Exercise:
For the entries that appear below, write out the exact text and omit the pictures.
──────
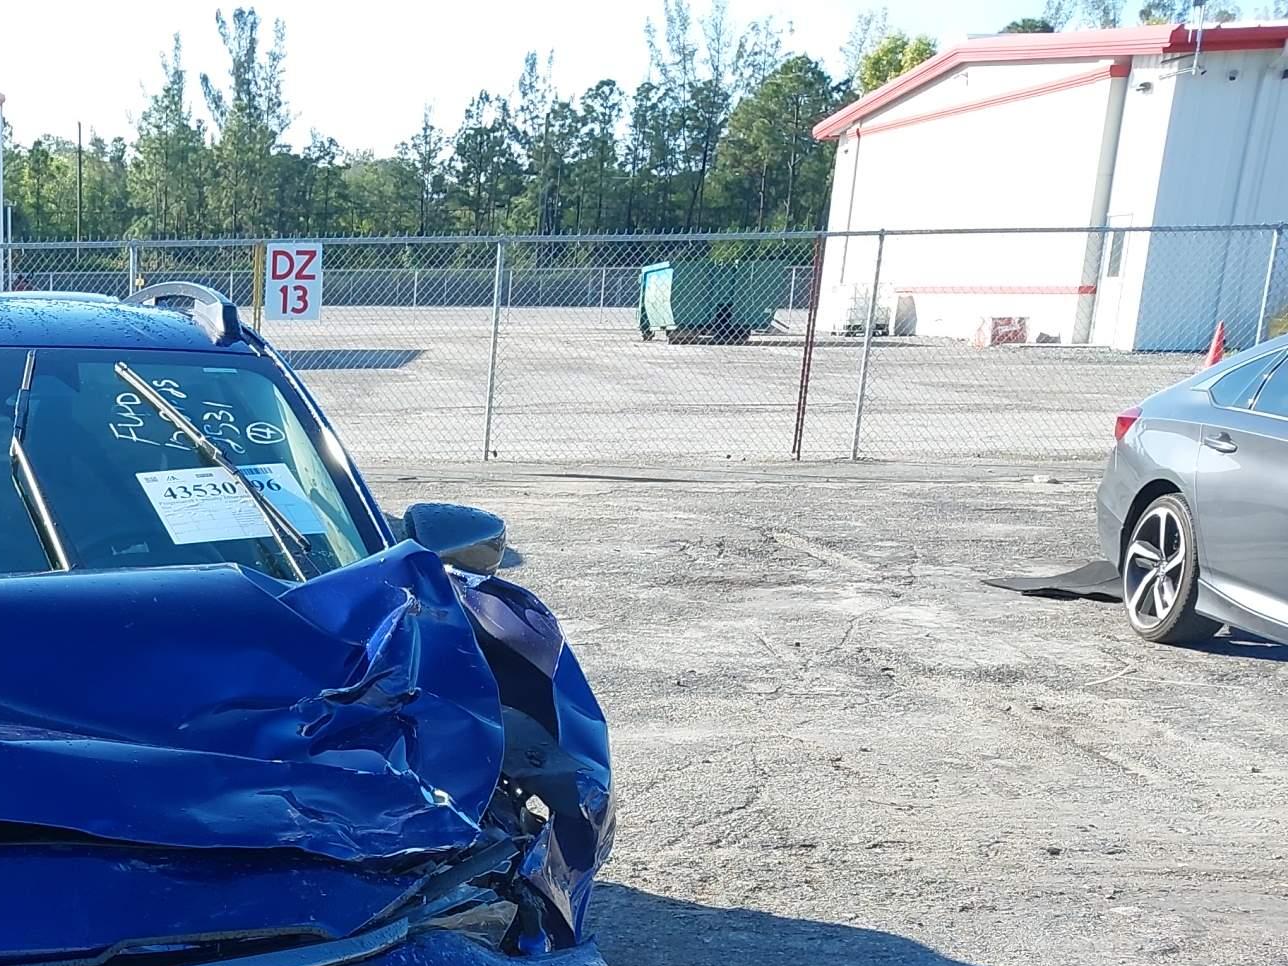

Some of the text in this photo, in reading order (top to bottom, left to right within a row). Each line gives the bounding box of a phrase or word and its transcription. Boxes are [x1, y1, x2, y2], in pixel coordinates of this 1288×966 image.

[272, 250, 317, 280] DZ
[279, 285, 309, 314] 13
[163, 478, 282, 500] 4353096
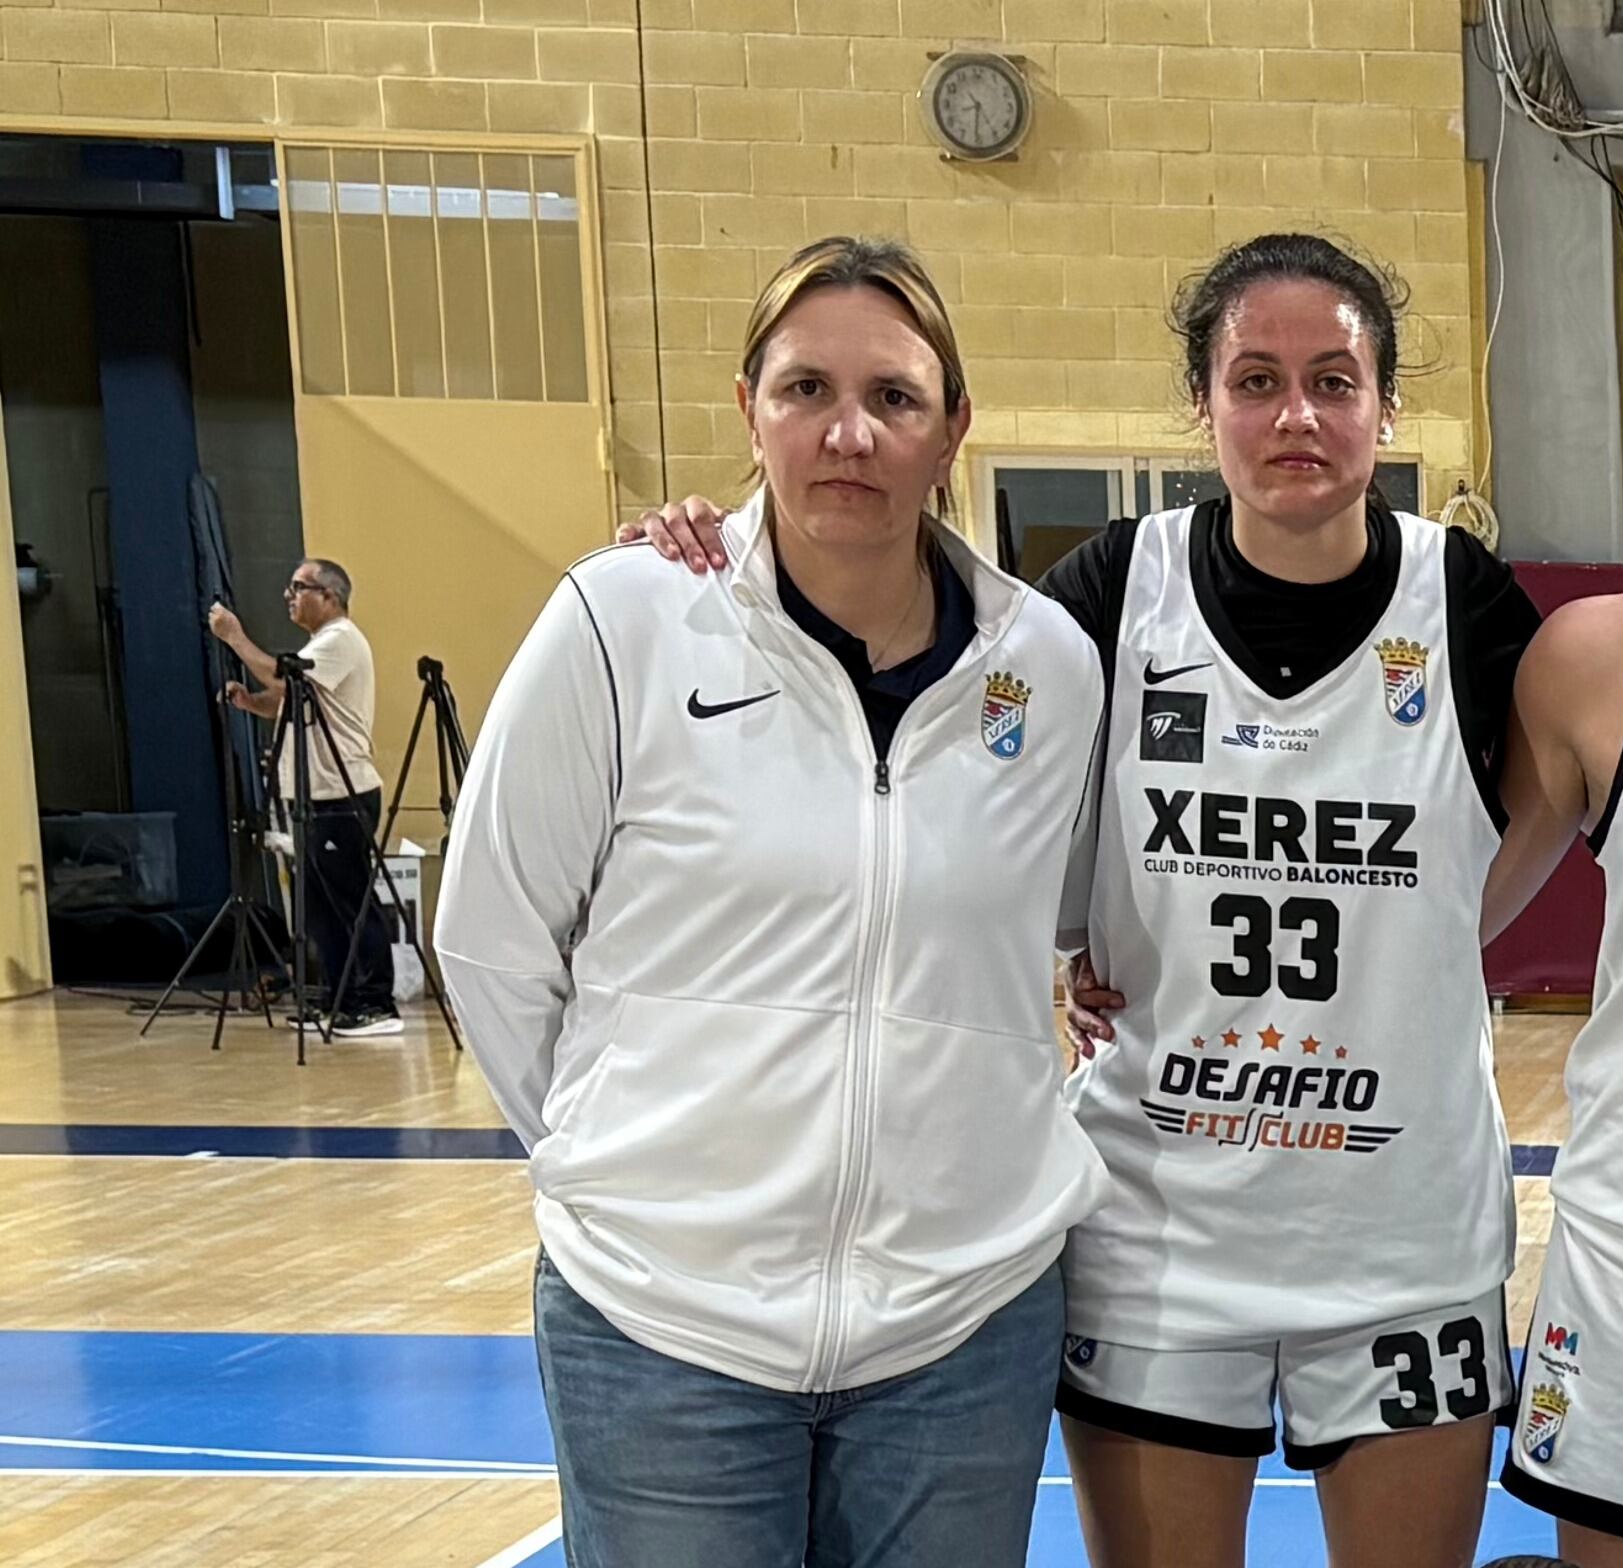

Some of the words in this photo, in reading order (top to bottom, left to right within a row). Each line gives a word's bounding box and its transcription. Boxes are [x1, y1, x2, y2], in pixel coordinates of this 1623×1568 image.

[1143, 786, 1419, 870] XEREZ
[1144, 859, 1179, 874] CLUB
[1183, 861, 1283, 882] DEPORTIVO
[1286, 867, 1420, 889] BALONCESTO
[1210, 894, 1341, 1002] 33
[1158, 1052, 1380, 1112] DESAFIO
[1261, 1112, 1348, 1150] CLUB
[1372, 1315, 1491, 1430] 33
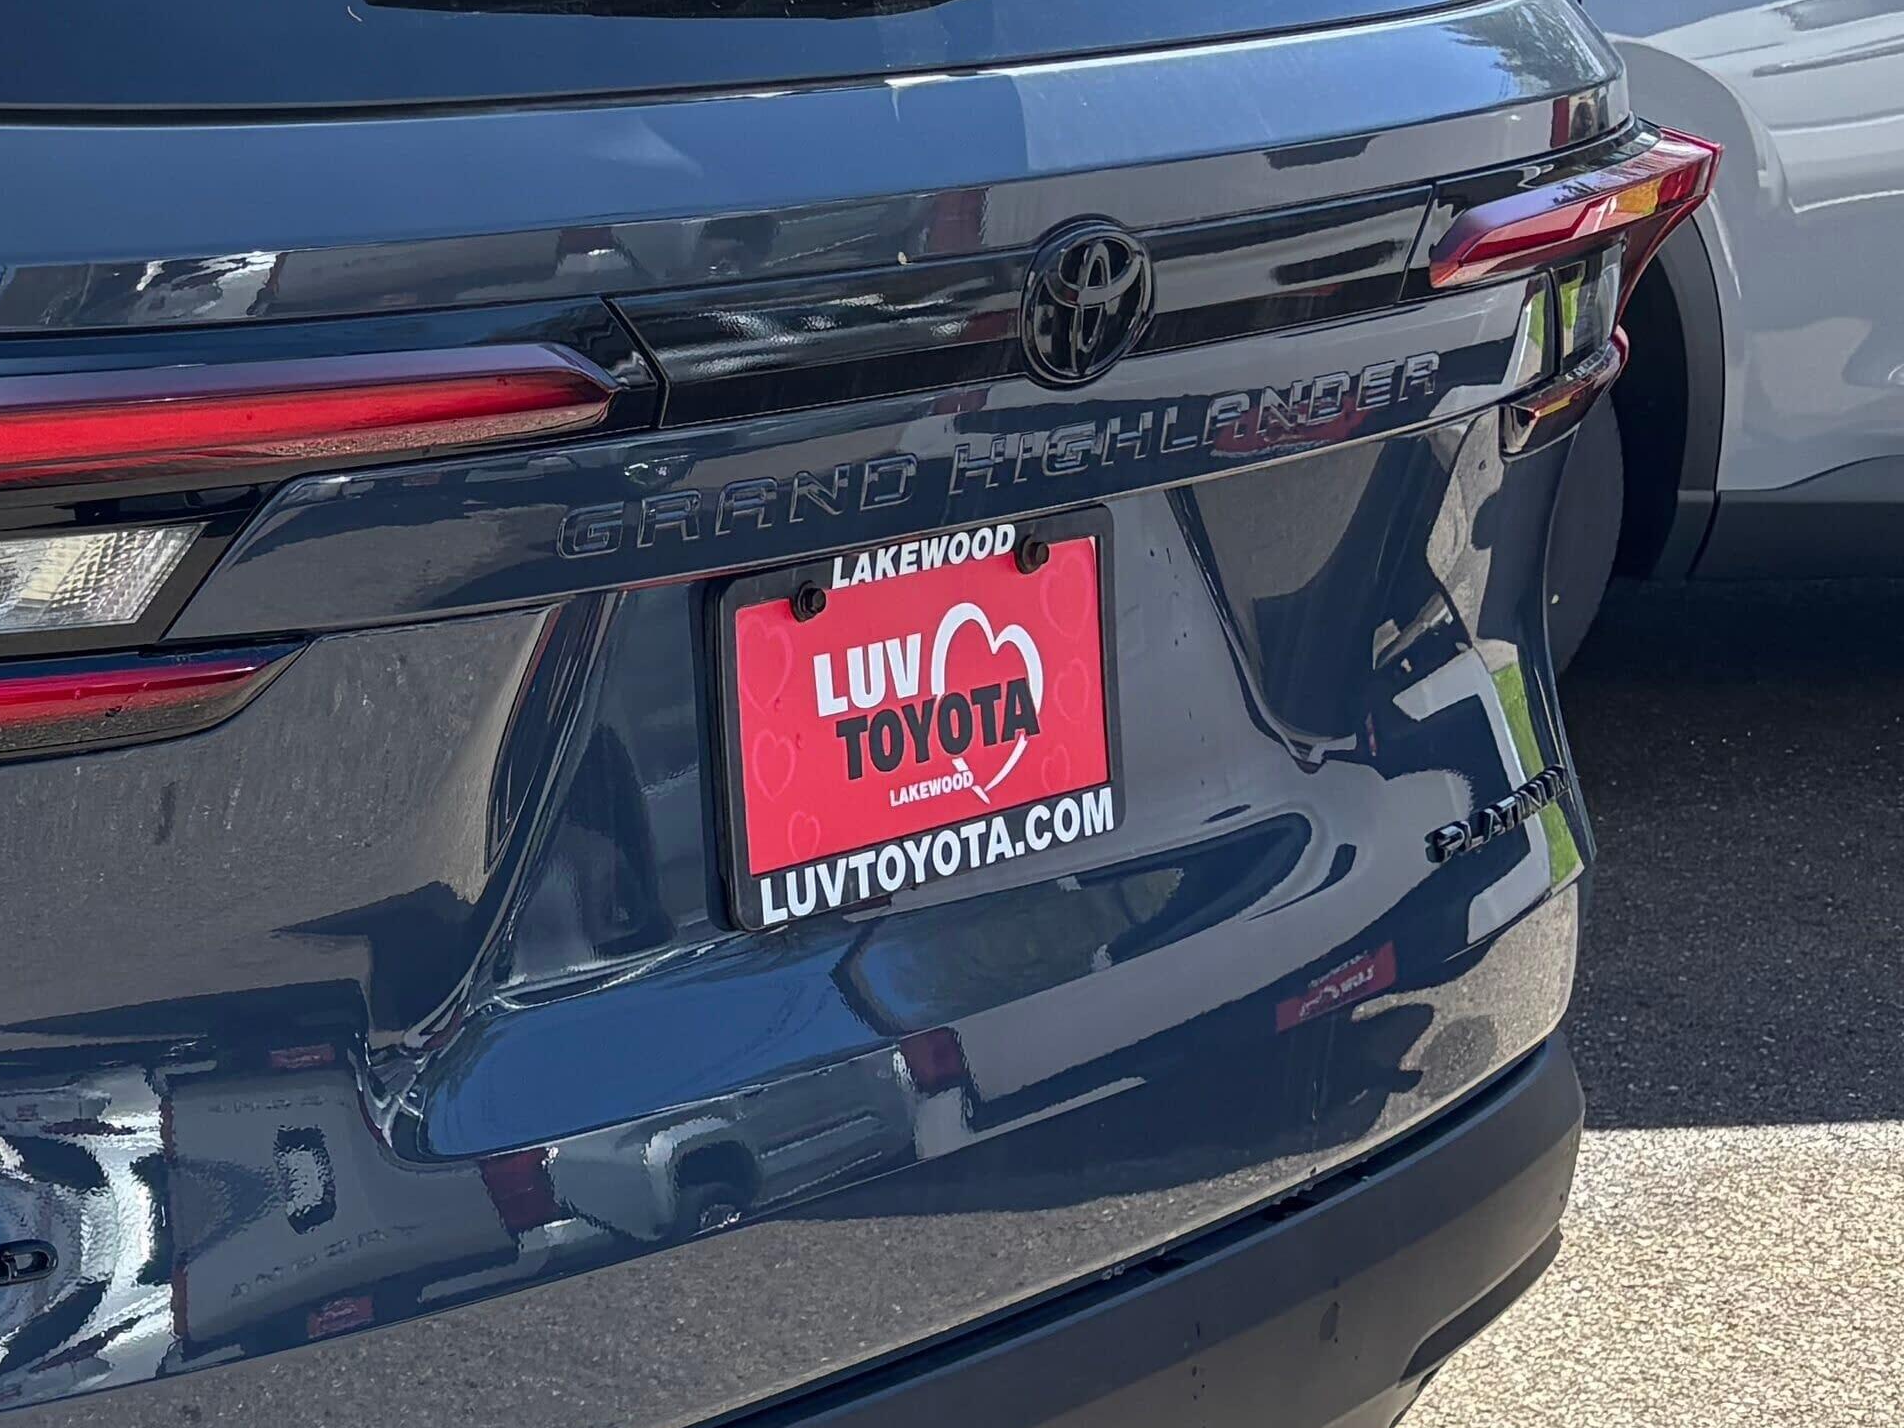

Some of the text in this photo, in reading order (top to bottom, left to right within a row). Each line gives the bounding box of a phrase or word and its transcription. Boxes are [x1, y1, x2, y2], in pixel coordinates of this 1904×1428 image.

[556, 351, 1441, 561] GRAND HIGHLANDER
[830, 523, 1017, 590] LAKEWOOD
[812, 632, 922, 717] LUV
[835, 677, 1041, 781] TOYOTA
[889, 770, 975, 808] LAKEWOOD
[758, 786, 1115, 926] LUVTOYOTA.COM
──────
Your solution:
Some of the text in this photo, in reading order (top to bottom, left to right within a row). Each line gives the bounding box of a phrase or word and its transcription. Boxes are [x1, y1, x2, y2], in pixel coordinates of this 1288×966 image.

[272, 250, 317, 280] DZ
[279, 285, 309, 314] 13
[163, 478, 282, 500] 4353096

Some of the words in this photo, in reading order (top to bottom, left to right within a row). Each line gives a word's bounding box and its transcription. Boxes are [x1, y1, x2, y2], in pixel coordinates of this 1623×1568 image.

[1143, 786, 1419, 870] XEREZ
[1144, 859, 1179, 874] CLUB
[1183, 861, 1283, 882] DEPORTIVO
[1286, 867, 1420, 889] BALONCESTO
[1210, 894, 1341, 1002] 33
[1158, 1052, 1380, 1112] DESAFIO
[1261, 1112, 1348, 1150] CLUB
[1372, 1315, 1491, 1430] 33

Some of the text in this photo, in reading order (top to bottom, left to right within a row). Each line gives the bounding box of a phrase or word and its transcription. Boxes are [x1, y1, x2, y2], in pixel coordinates of this 1904×1428 image.

[556, 351, 1441, 561] GRAND HIGHLANDER
[830, 523, 1017, 590] LAKEWOOD
[812, 632, 922, 717] LUV
[835, 677, 1041, 781] TOYOTA
[889, 770, 975, 808] LAKEWOOD
[758, 786, 1115, 926] LUVTOYOTA.COM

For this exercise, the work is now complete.